Exercise brief> An exact copy of the records below is needed, with every picture left out.

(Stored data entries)
++++
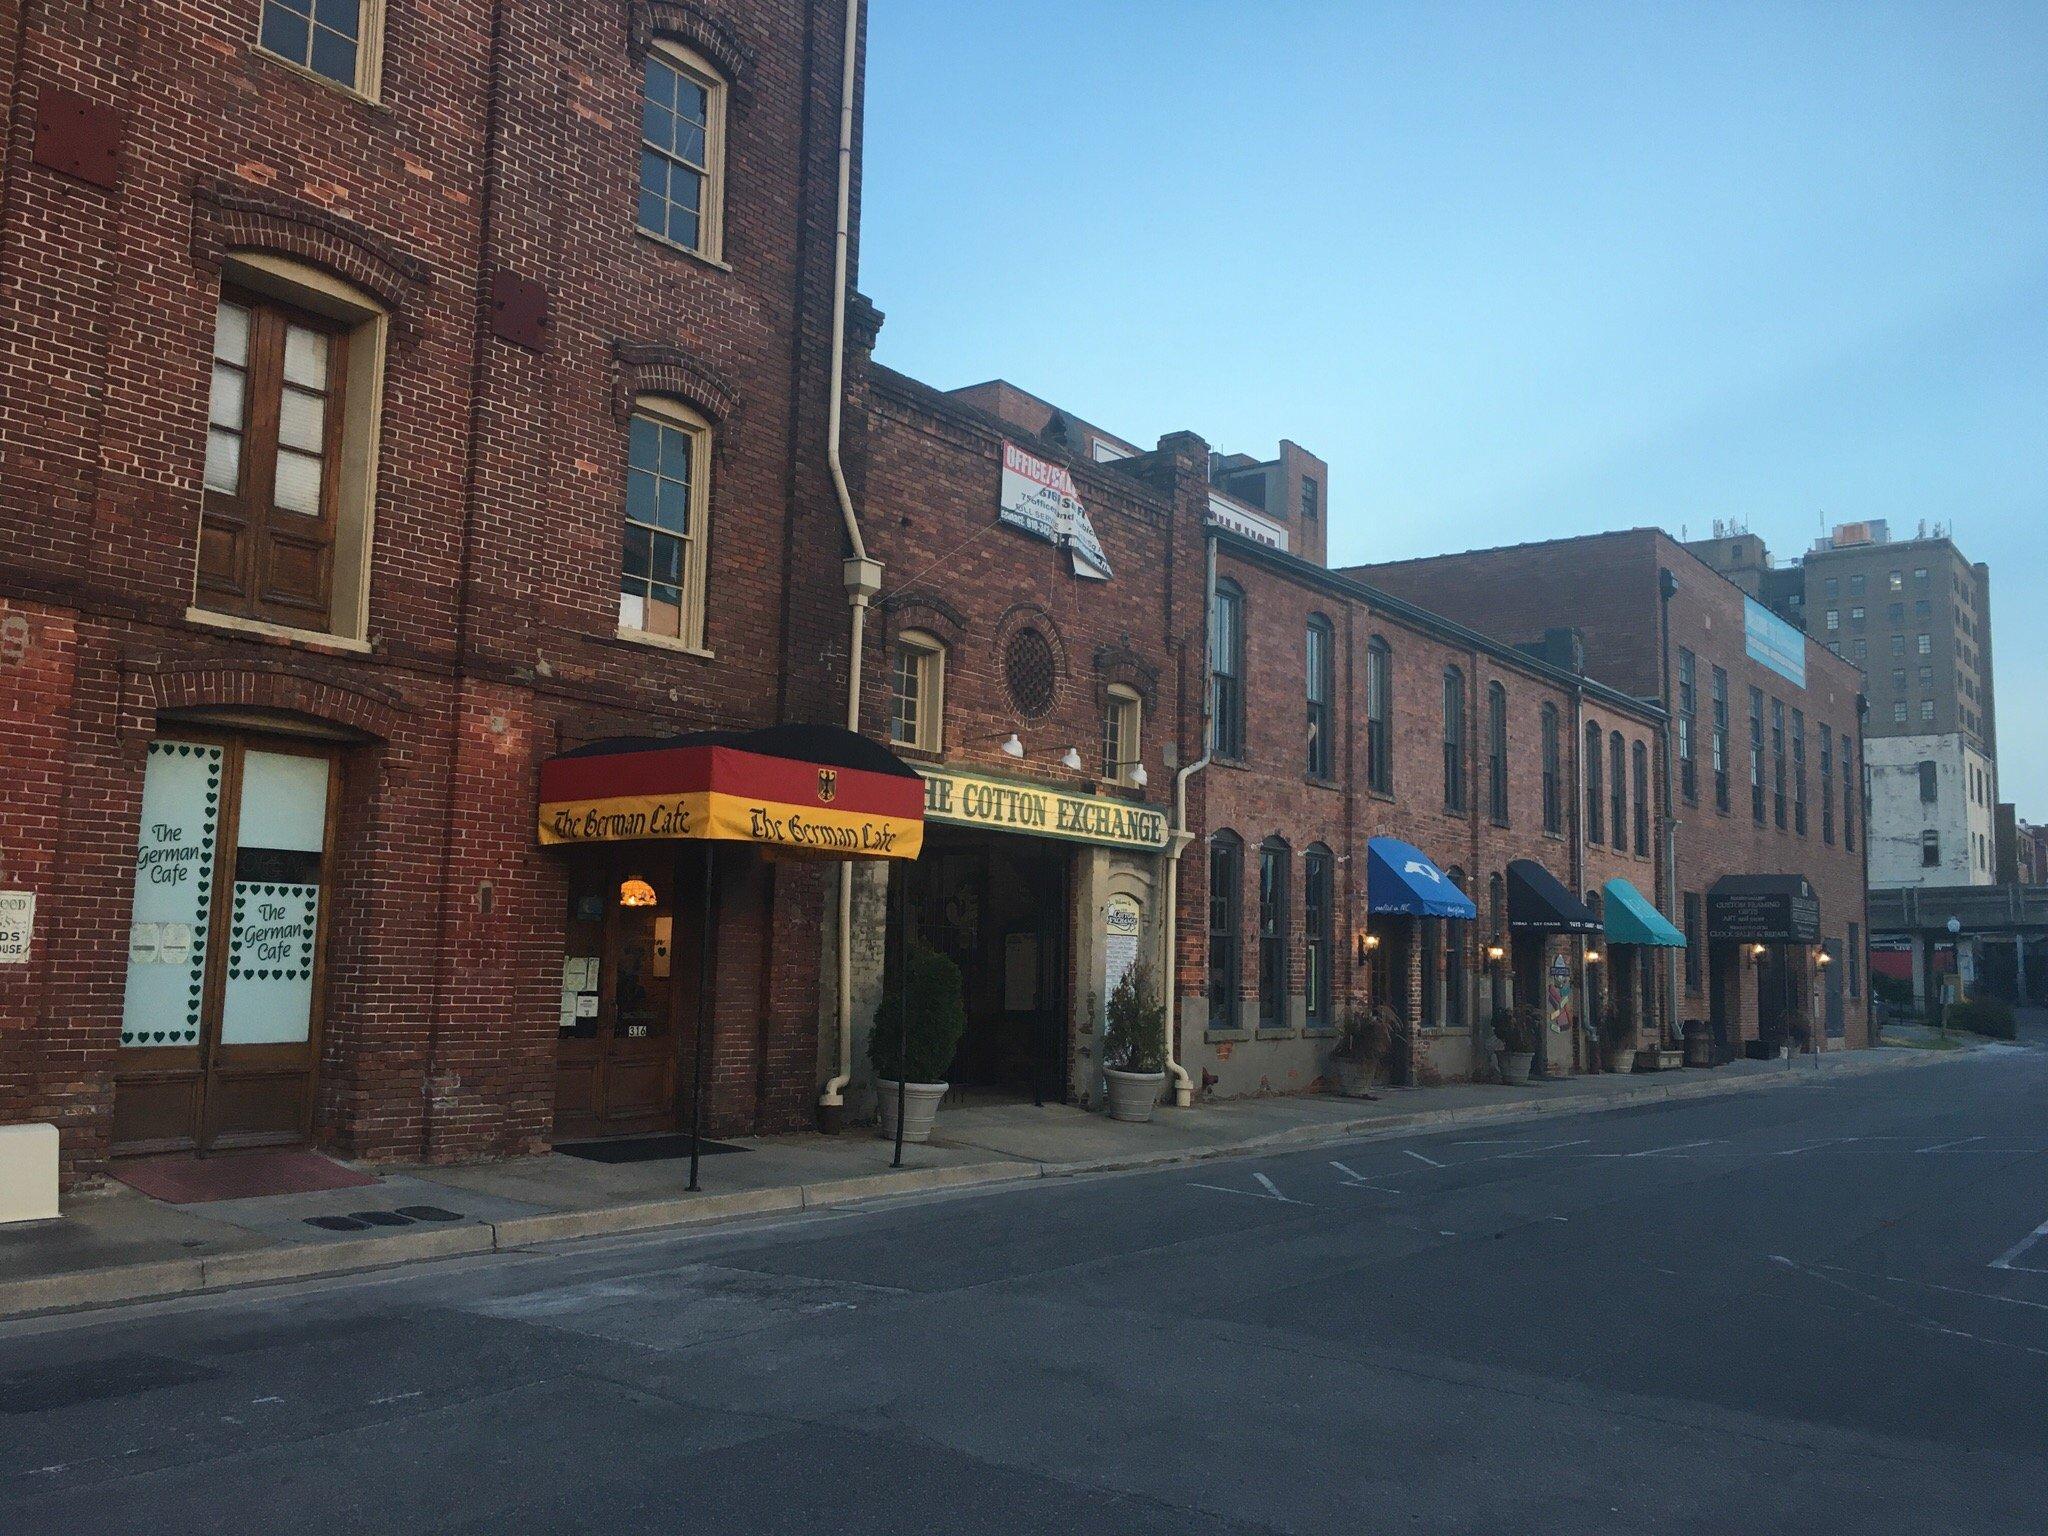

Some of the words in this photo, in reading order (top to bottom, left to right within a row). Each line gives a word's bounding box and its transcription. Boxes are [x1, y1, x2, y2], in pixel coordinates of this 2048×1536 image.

[555, 808, 582, 838] The
[584, 808, 646, 838] German
[650, 800, 691, 834] Cafe
[924, 776, 953, 814] HE
[963, 783, 1047, 827] COTTON
[1056, 798, 1161, 844] EXCHANGE
[152, 824, 182, 842] The
[749, 808, 786, 841] The
[788, 814, 858, 849] German
[862, 823, 896, 852] Cafe
[138, 845, 199, 870] German
[151, 864, 188, 887] Cafe
[259, 903, 286, 921] The
[244, 923, 302, 948] German
[0, 944, 22, 954] USE
[257, 941, 291, 962] Cafe
[629, 1026, 646, 1036] 316
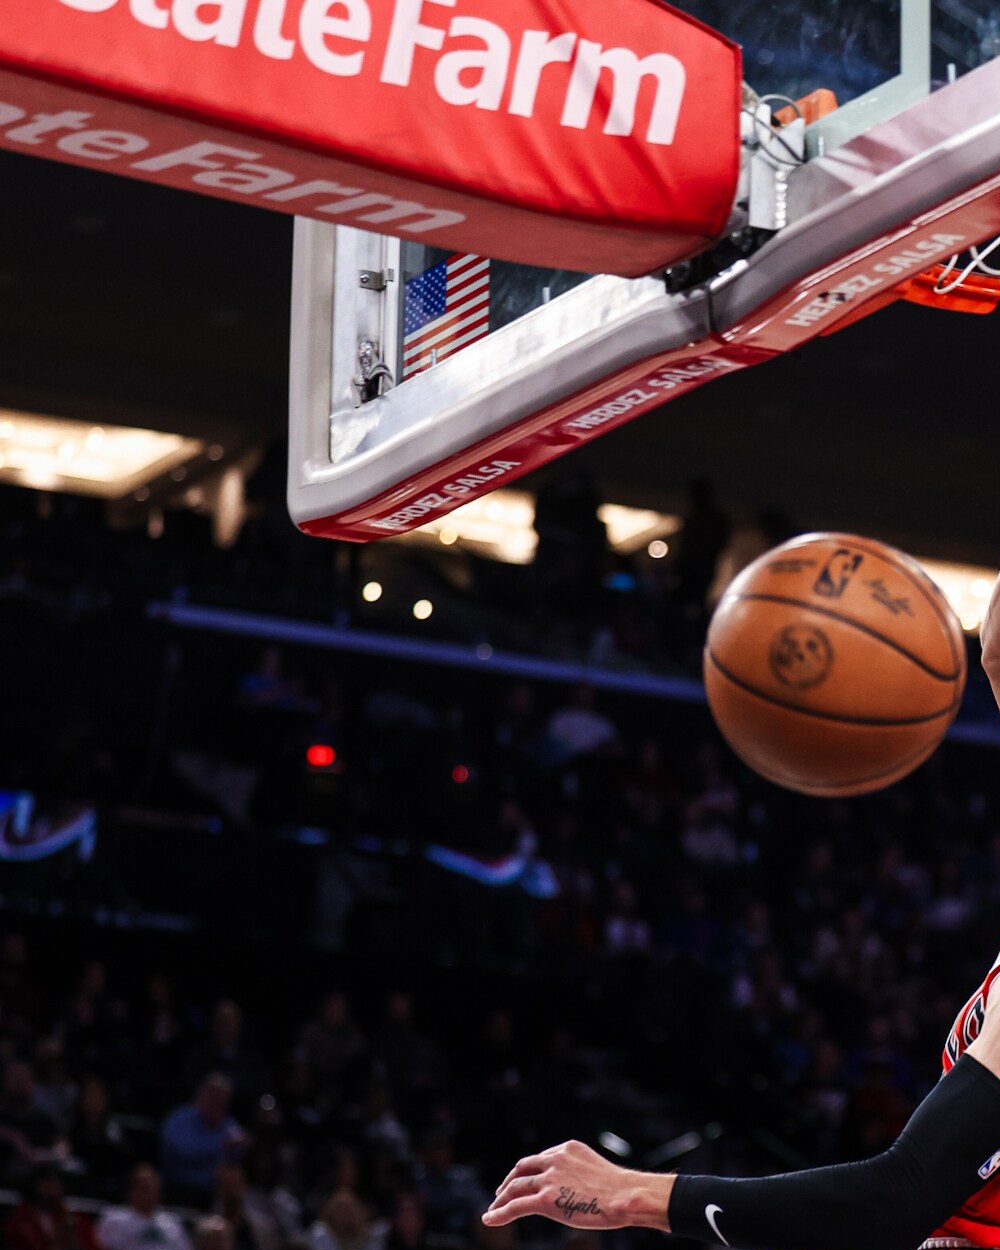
++++
Response box>
Some of the words in this photo, in reading order (top to bottom, left to right within a row). Each line gives a word's bounding box and its transcription. Boxes are [x1, y1, x2, y2], in pixel coordinates of this 2048×1536 image.

[555, 808, 582, 838] The
[584, 808, 646, 838] German
[650, 800, 691, 834] Cafe
[924, 776, 953, 814] HE
[963, 783, 1047, 827] COTTON
[1056, 798, 1161, 844] EXCHANGE
[152, 824, 182, 842] The
[749, 808, 786, 841] The
[788, 814, 858, 849] German
[862, 823, 896, 852] Cafe
[138, 845, 199, 870] German
[151, 864, 188, 887] Cafe
[259, 903, 286, 921] The
[244, 923, 302, 948] German
[0, 944, 22, 954] USE
[257, 941, 291, 962] Cafe
[629, 1026, 646, 1036] 316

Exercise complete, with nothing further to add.